Illustration d’une lettre à Cher Duolingo qui dit : Cher Duolingo, j’adore étudier le français ! J’ai hâte de pouvoir l’utiliser dans le monde. Donc ma question est : qu’est-ce que ça fait d’être bilingue ? Merci, Alix Pédition

Quelle question naturelle pour les monolingues ! On s’habitue à penser, parler, voire rêver dans une seule langue, alors qu’est-ce que ça fait d’en avoir une deuxième (troisième, sixième, ou vingtième) qui vit dans son cerveau ? C’est un peu difficile à décrire !

Le bilinguisme est plus compliqué qu’il n’y paraît : il existe de nombreux types de personnes multilingues, et celles-ci ont presque toutes des compétences et des degrés de confort différents avec chaque langue. Et ces compétences et l’équilibre entre les langues changent aussi tout au long de la vie ! Connaître plusieurs langues (ou dialectes) est un exercice d’équilibre consistant à augmenter ou diminuer les « volumes » linguistiques selon la situation.

Cette semaine, j’ai parlé avec quelques personnes multilingues chez Duolingo pour recueillir leurs réflexions sur ce que c’est que de connaître plusieurs langues !

Être bilingue… c’est incroyable !

Rick (Marketing Analytics Manager) : Je me sens comme un magicien des langues ! C’est particulièrement cool quand les gens commentent la rapidité avec laquelle on peut passer d’une langue à l’autre.

Anonyme (Software Engineer) : La vie est plus riche et plus épanouie grâce à la diversité de personnes avec qui vous pouvez parler, aux conversations que vous pouvez écouter en cachette, ainsi qu’à la musique, aux livres, à l’art et aux mèmes que vous pouvez apprécier. Même si nous parlons des langues différentes, nous partageons tous les mêmes émotions, sentiments et expériences, et c’est agréable d’avoir accès à plus de vocabulaire pour en parler.

Ramsey (Senior Communications Manager) : Ayant expérimenté à la fois le monolinguisme et le multilinguisme, il a été en quelque sorte transcendant d’acquérir cette nouvelle conscience métalinguistique, qui m’a permis de me rendre compte à quel point le langage est arbitraire et flexible.

Nat (Staff Software Engineer) : Chaque fois que je lis des œuvres traduites du russe vers l’anglais, je me surprends parfois à les retraduire mentalement en russe, surtout s’il s’agit d’une tournure de phrase qui est obscurcie dans la traduction.
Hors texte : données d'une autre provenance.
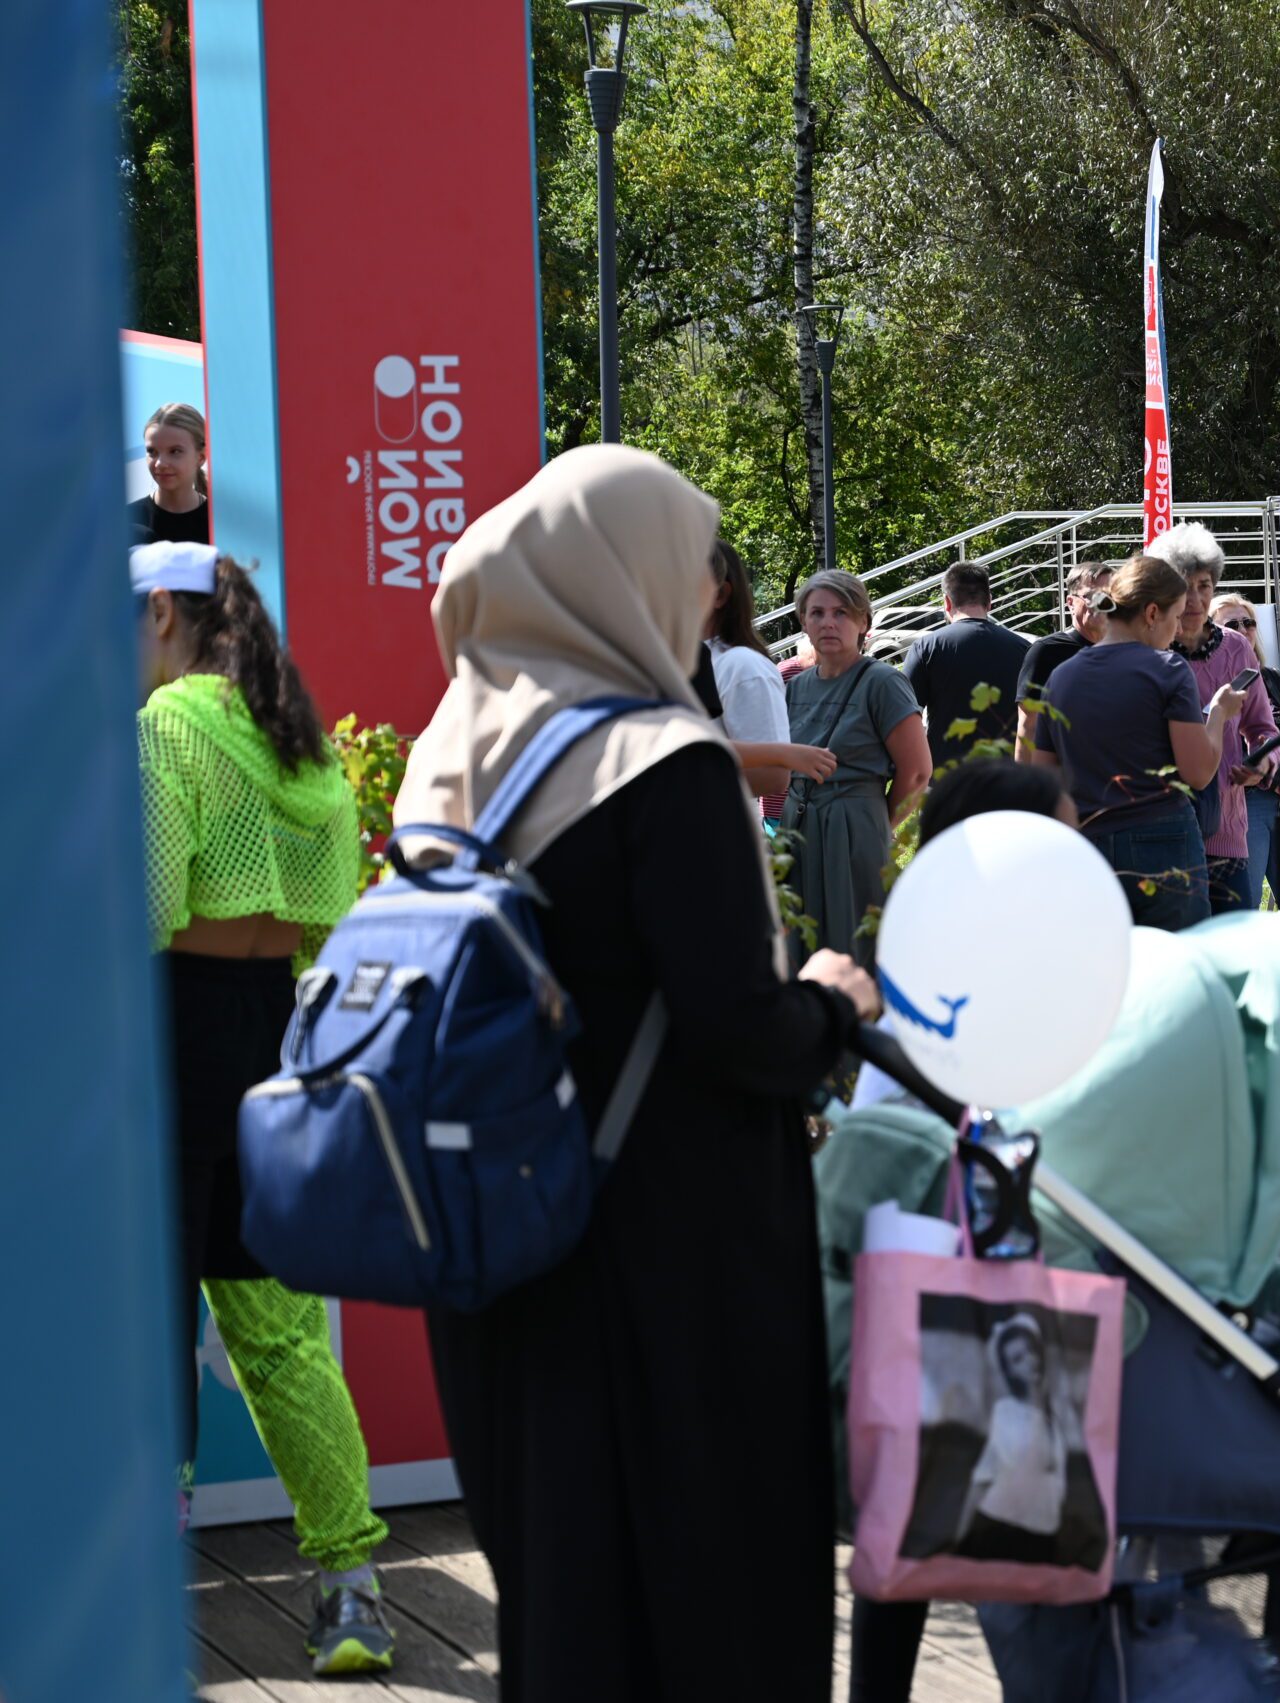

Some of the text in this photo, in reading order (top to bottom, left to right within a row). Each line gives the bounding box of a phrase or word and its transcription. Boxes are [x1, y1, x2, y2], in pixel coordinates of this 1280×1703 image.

À chaque fois, j’ai l’impression de découvrir un petit secret !

Aspen (Quality Assurance Specialist) : C’est passionnant d’aider des personnes qui ne parlent qu’espagnol. Récemment, un homme du Honduras était perdu à l’aéroport et j’ai pu l’aider à prendre un taxi pour qu’il puisse se rendre à sa destination ! Une fois, j’ai aussi parlé à un chauffeur Lyft qui venait du Venezuela. Il m’a raconté son histoire de réfugié et son arrivée aux États-Unis. Pouvoir tisser des liens avec d’autres personnes dans leur langue maternelle, c’est quelque chose de vraiment spécial.

Être bilingue… réserve plein de surprises

Rick : Parfois, je rêve de mes amis anglophones mais dans mon rêve ils parlent néerlandais… C’est bizarre !

Kolja (Senior Data Scientist) : Je me surprends souvent à penser à une blague sans pouvoir la raconter à qui que ce soit, soit parce qu’elle est dans une langue que l’autre ne comprend pas, soit car c’est un jeu de mots dans plusieurs langues, donc très niche.

Anonymous (Software Engineer) : Certaines choses sont davantage mises en lumière dans certaines langues. Je n’ai appris l’existence de la doctrine Monroe et de l’Opération Condor (dictatures militaires soutenues par les États-Unis en Amérique centrale et en Amérique du Sud) qu’après avoir appris l’espagnol et lu des livres espagnols sur l’histoire moderne de l’Amérique latine. Grâce à la couverture du New York Times en français, j’ai découvert la dette écrasante qu’Haïti a été forcé d’assumer sous la menace de la guerre après avoir obtenu son indépendance de la France.

Être bilingue… c’est changer constamment

Il est normal que les langues des multilingues changent au fil du temps, selon la fréquence d’utilisation de chaque langue et ce qu’ils entendent le plus souvent dans la communauté qui les entoure. À différents moments, pendant plusieurs mois ou années, les multilingues seront généralement plus à l’aise et se souviendront plus rapidement des mots dans une certaine langue, et ils auront même des accents différents ! Les langues continuent de fluctuer dans votre cerveau, même pour les bilingues de longue date.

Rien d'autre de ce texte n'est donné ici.